Expected behavior I expected both mapError to be able to return an object instance populated with the values from the response, but since the byte array gets converted to String using Arrays.toString(..), it will fail.

Screenshots If applicable, add screenshots to help explain your problem.

Environmental Data:

ryber commented 2 years ago

Wow, what is this JavaScript 🤣

This is actually even weirder than it looks, the final string conversion is done by the ObjectMapper which is being asked to encode the body to a string and does so literally, I've bypassed that for the case of byte[] to go to a string(byte[]) but I'm not sure this is the fully correct answer, we don't actually know fully if the byte[] is in fact a string. I've patched it to pass the tests in 3.13.6. I think it's more right than it was before, but probably not 100% right, need to mull on that a bit.

At the very least it still needs to look at the response body for the encoding (which should in fact be there), it's assuming UTF-8 right now.

andrei-ivanov commented 2 years ago

Thanks for the fix 🙂 Should I create a ticket for the HTTP response encoding to be available in the response object?

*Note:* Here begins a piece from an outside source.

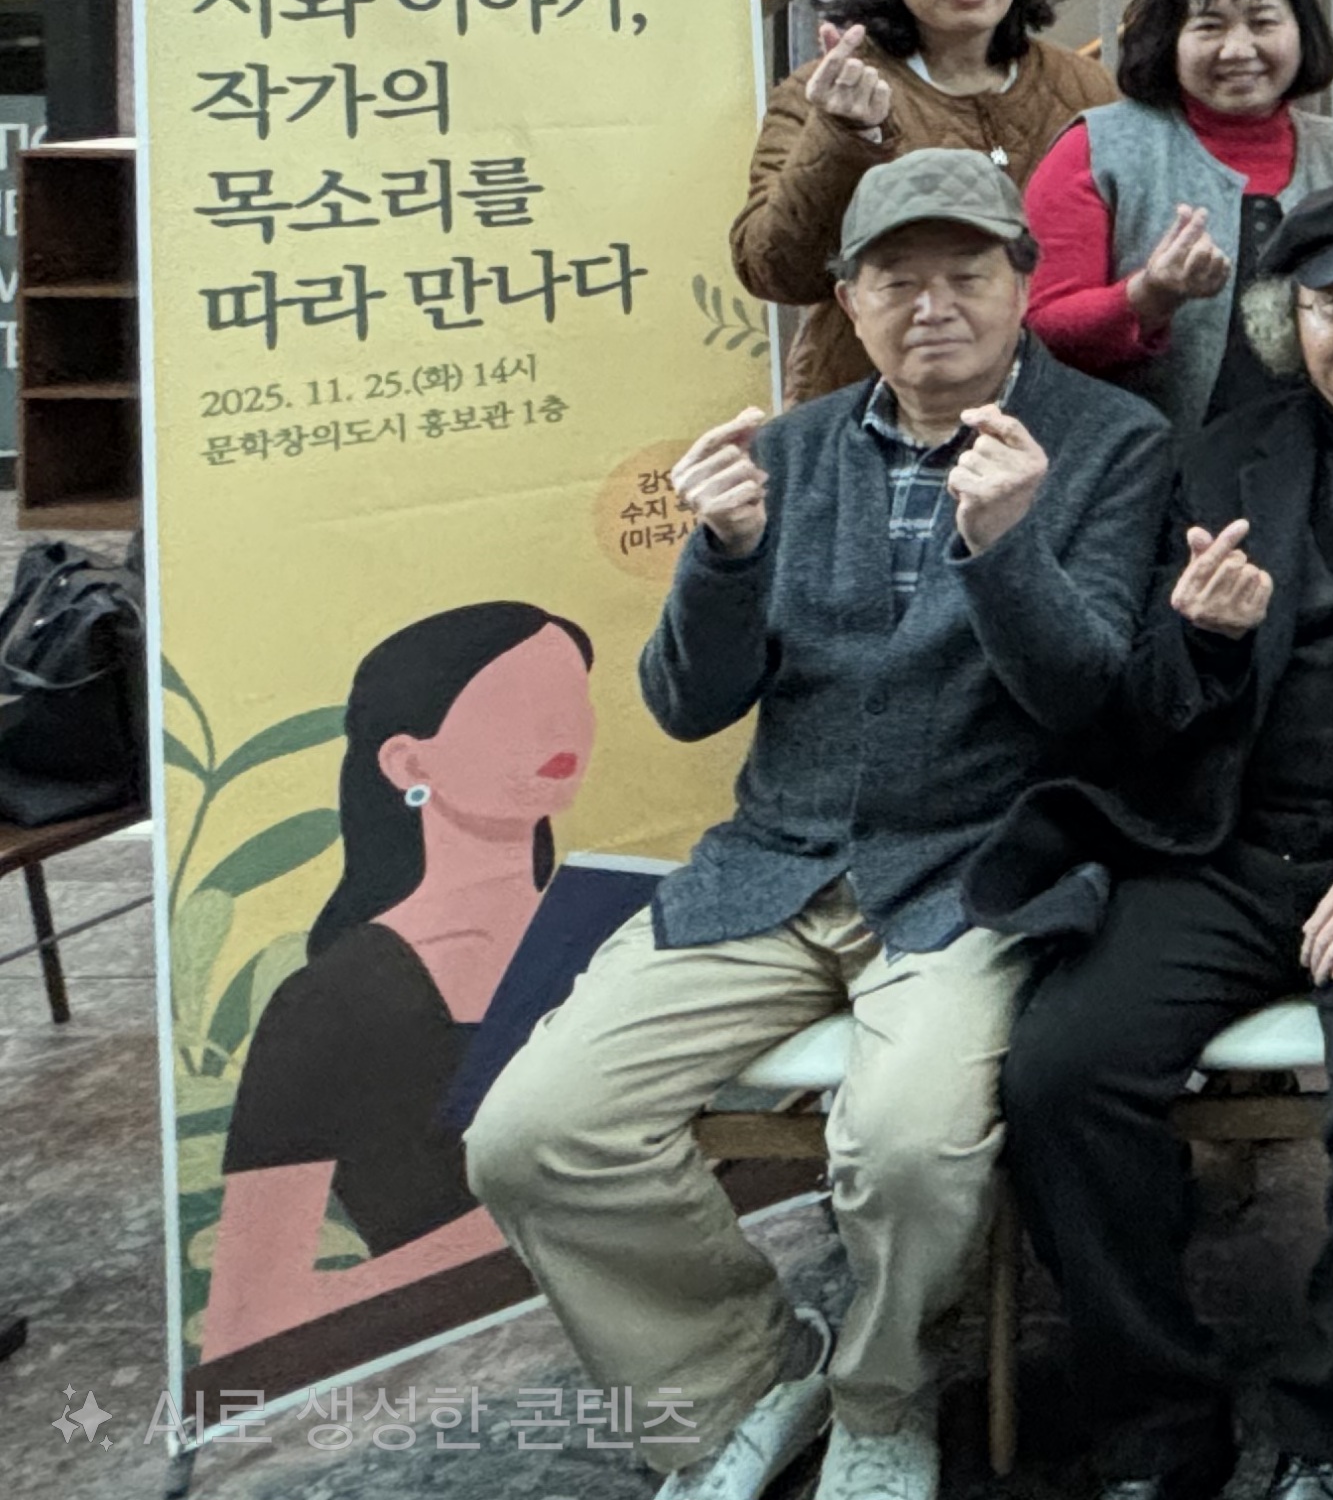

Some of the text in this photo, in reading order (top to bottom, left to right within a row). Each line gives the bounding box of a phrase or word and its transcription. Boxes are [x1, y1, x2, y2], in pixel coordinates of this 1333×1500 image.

It seems weird that it's in the request...

ryber commented 2 years ago

The request contains the encoding that you asked for (or a default of UTF-8) which might not be what you got. We have to look at the response Content-Type, which in the case you cited should be application/json or application/json;charset=utf-8 or whatever the encoding it. It could ALSO come from the Content-Encoding header which might tell us that the byte[] is gziped (in which case these tests would probably fail maybe...although it might already be deflated by the time we get here).

If you want to open a new issue feel free otherwise I will.

ryber commented 2 years ago

well, I guess we do use the request one, sometimes, eh, I think we just assume the response is what we asked for. So that might be another issue, if the response says something that contradicts the request. Pretty edge case.